Dodici volti, undici dei quali sono di replicanti. Tutti in primissimo piano, tutti senza aprire gli occhi. Una via cosmetica alla perfezione. Radiografata mentre si incrina, olio su tela, per variazioni minime...Non basta chiudere gli occhi, quando scendono le lacrime. Così come non basta, per scongiurare il demone della deformazione fisica, approssimarsi ad un canone estetico a priori seduttivo. Quello proposto da Cosimo Epicoco, in una personale dall’impianto solido e stringente, è il primissimo piano di una sequenza –attualissima– di volti che ostentano un’idea cosmetica della perfezione. Undici replicanti undici e un solo originale – ma forse importa poco capire qual è – che prendono tutti a liquefarsi mentre, piangendo, nascondono lo sguardo.
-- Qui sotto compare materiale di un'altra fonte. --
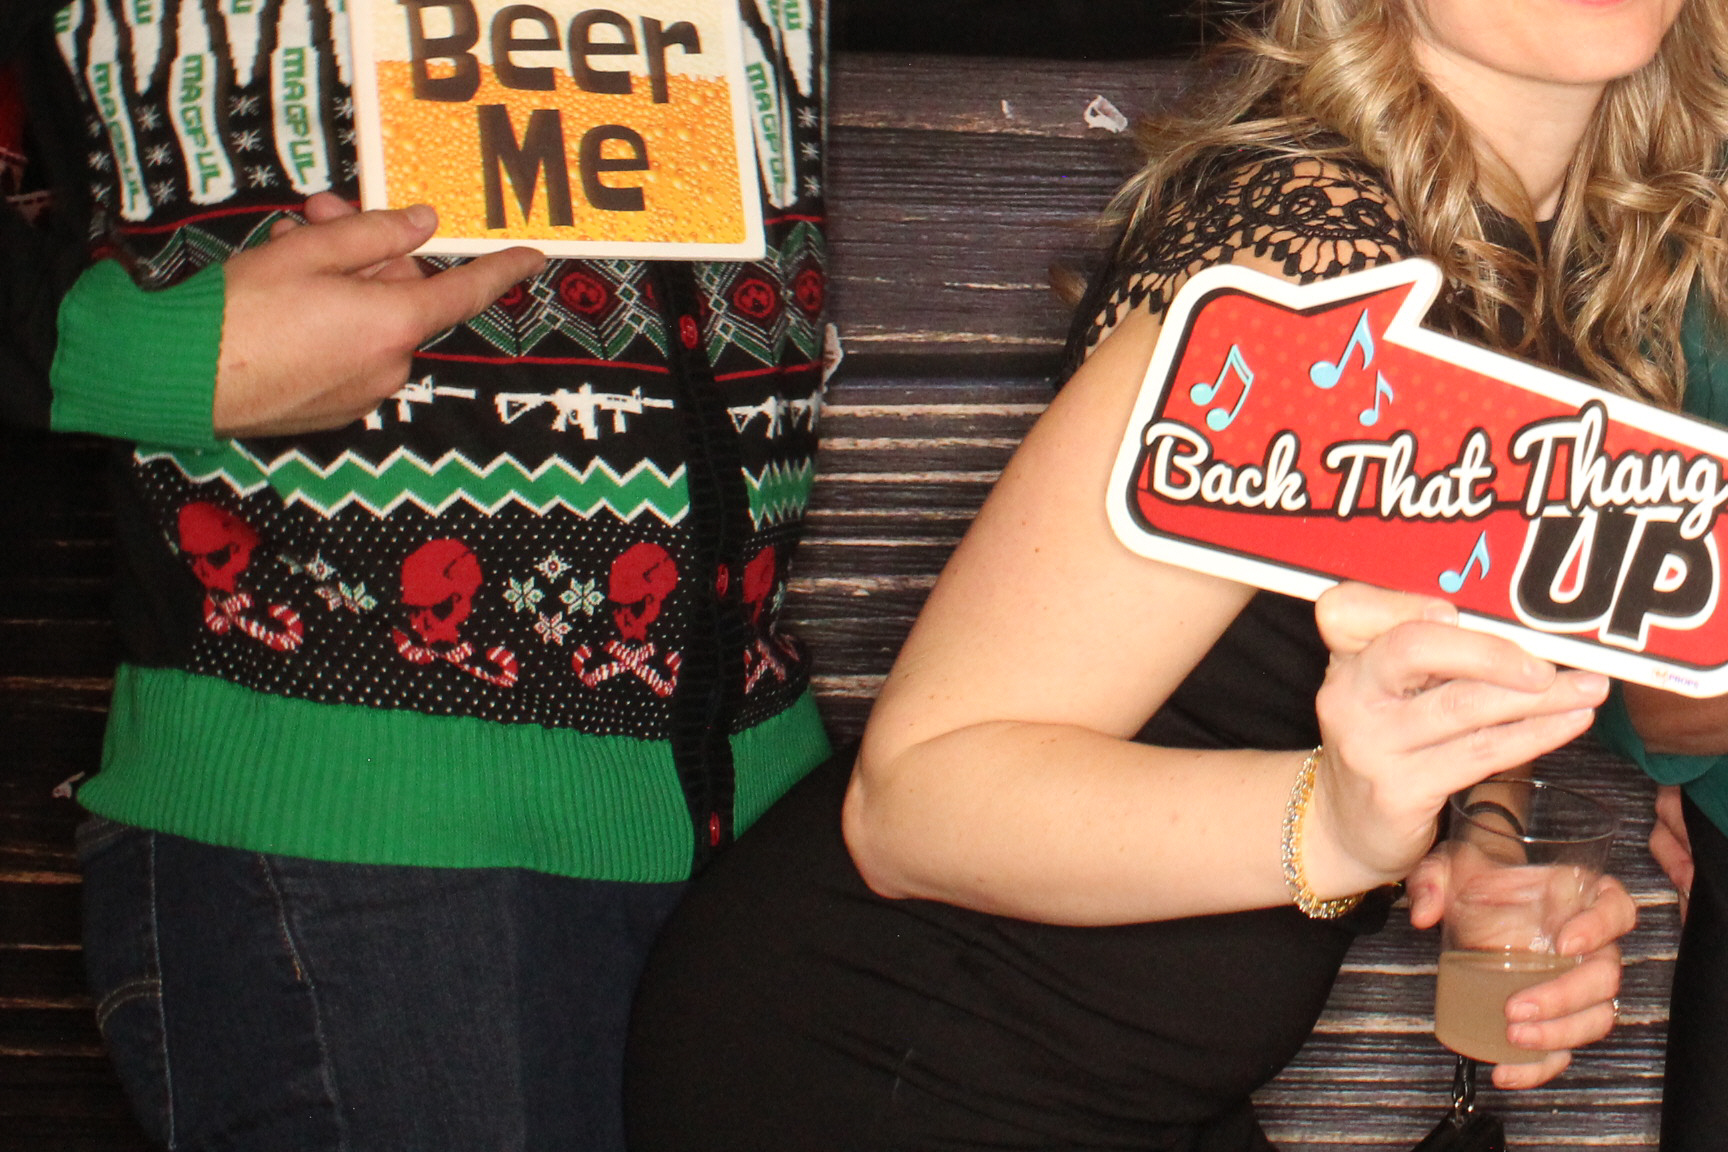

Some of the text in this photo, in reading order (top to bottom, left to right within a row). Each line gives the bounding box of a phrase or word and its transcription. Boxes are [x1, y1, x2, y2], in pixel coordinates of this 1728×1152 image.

[181, 54, 220, 195] MAGPUL
[283, 47, 315, 186] MAGPUL
[477, 103, 649, 231] Me
[1146, 427, 1309, 511] Back
[1326, 433, 1493, 520] That
[1513, 506, 1721, 649] UP
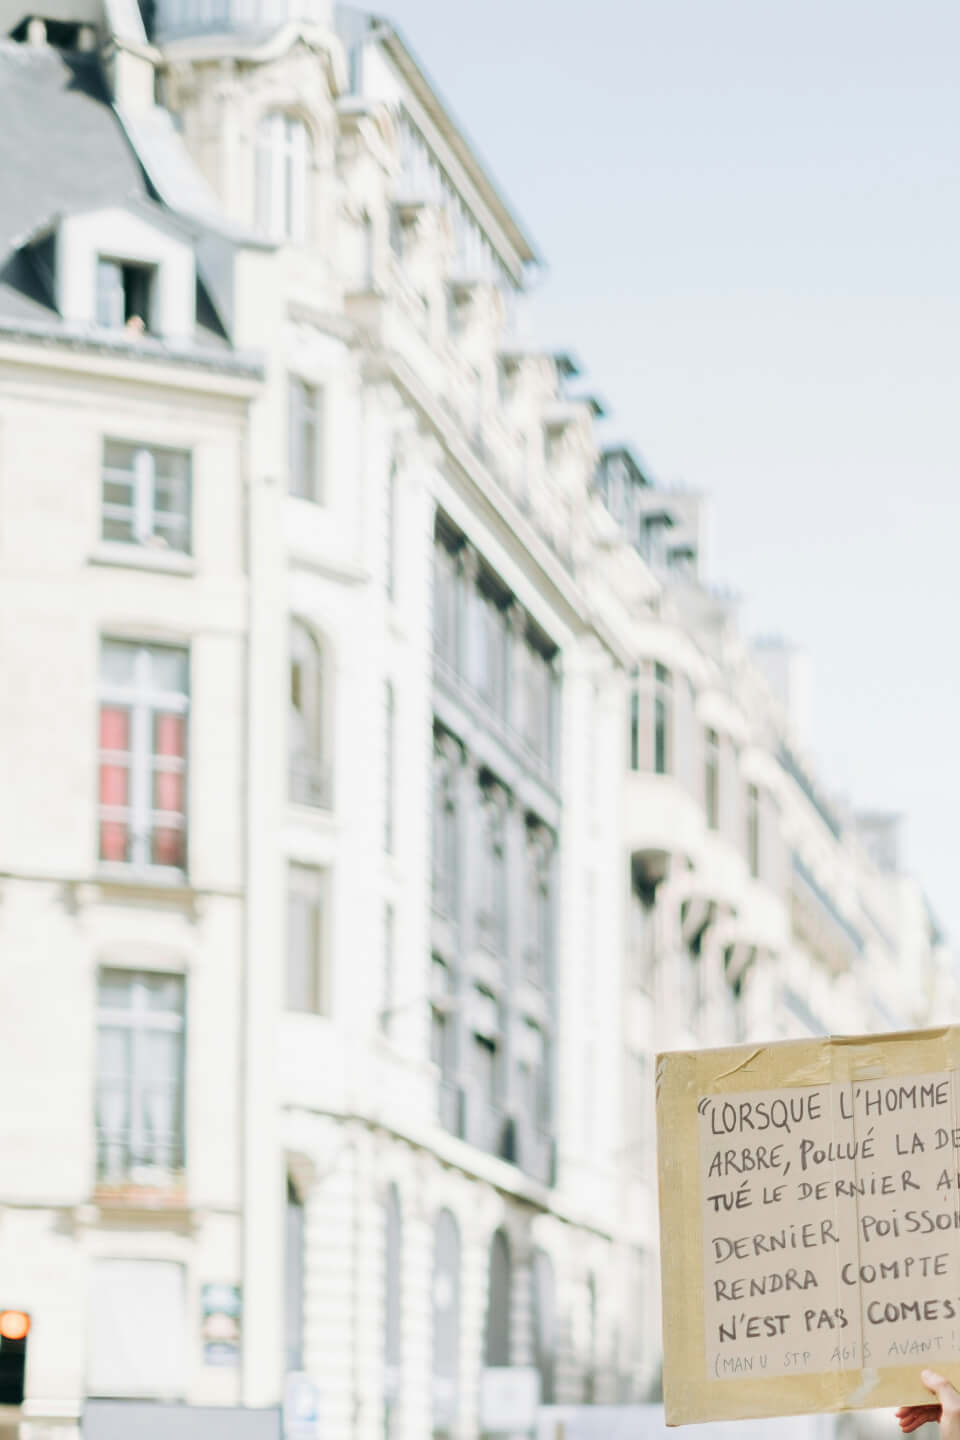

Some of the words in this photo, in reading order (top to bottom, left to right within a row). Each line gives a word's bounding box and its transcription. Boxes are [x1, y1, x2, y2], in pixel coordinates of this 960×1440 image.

La perizia pittorica è smagliante eppure affatto compiaciuta –eccoci al nuovo che avanza, l’olio su tela– e i lineamenti campeggiano ravvicinati, ora solenni ora mobilissimi, come indagati attraverso uno spioncino. Se l’iperrealismo è alle spalle, non lo è di certo l’inquietudine del dato oggettivo acciuffato senza fare sconti; sorprende, qui, che quel dato sia proprio una tipologia dell’avvenenza umana, riconoscibilissima eppure delineata con pochi, semplici colpi. E infatti non c’è poi molto, di ciò che si possa soltanto elencare. C’è il rosso incandescente del lucidalabbra, e c’è il nero del rimmel. Ci sono, ovviamente, il silenzio e la magia di un viso prominente eppure distante, che vorrebbe negarsi. E c’è, infine, uno strano incarnato, freddo e insieme arroventato, di quel colore livido e indecifrabile che potrebbe essere un viola puro.
Ciò che conta, allora, è la tensione offerta dal punto di vista che distorce, il fatto che qualcosa debba andare irrimediabilmente perduto, progressivamente, tra un quadro e l’altro, in quella frazione di secondo che non si sa se appartenga a chi osserva o a chi ha deciso, dalla tela, di non guardare più. Così, in un incedere necessariamente circolare, impaginato ad anello, a sfigurare questi volti asettici interviene l’aritmia, congegnata come un’estenuata ripresa video, di una ricognizione vera e propria.
Insomma, qui si ragiona del tempo e dello statuto necessariamente pulsante dell’immagine, ma senza proporre la riflessione concettuale come un esercizio sterile e ostentato. E il clone del titolo, dal momento che il tempo che passa è sempre tempo che si vede, diventa propriamente colui che ha deciso di perderla, la faccia: l’uomo che, pur di farsi bello, non esita a chiudere gli occhi. (Nota critica a cura di Pericle Guaglianone)

Gli undici Cloni che Mimmo ottiene dal prototipo figurativo del volto umano che origina la sequenza delle dodici tele vogliono esprimere emozioni a loro negate in quanto privi d’individualità personale: lacrime solcano i loro volti schiacciati in primo piano, come già in Distanze del 2001, risolti con lo stesso splendore pittorico degli anni informali, oggi caricato di significati necessariamente oggettivi per indurci a riflettere. Come suggerisce il segno rosso che delimita lo spazio della tela che racchiude il solo volto umano per distinguerlo da quello dei Cloni replicanti dipinti sulle altre undici tele. Così facendo Epicoco, differenziandolo dagli altri, ne rafforza l’identità umana, ricordandoci anche che con un segno analogo, anni prima tracciato col gessetto su una delle strade della terra di Puglia, già allora rifiutava la condizione del pensiero negato o della lingua tagliata rivendicando il diritto ad un suo piccolo spazio, da sempre da lui riservato all’ irrinunciabile volontà di comunicare. (Nota critica a cura di Ivana D'Agostino)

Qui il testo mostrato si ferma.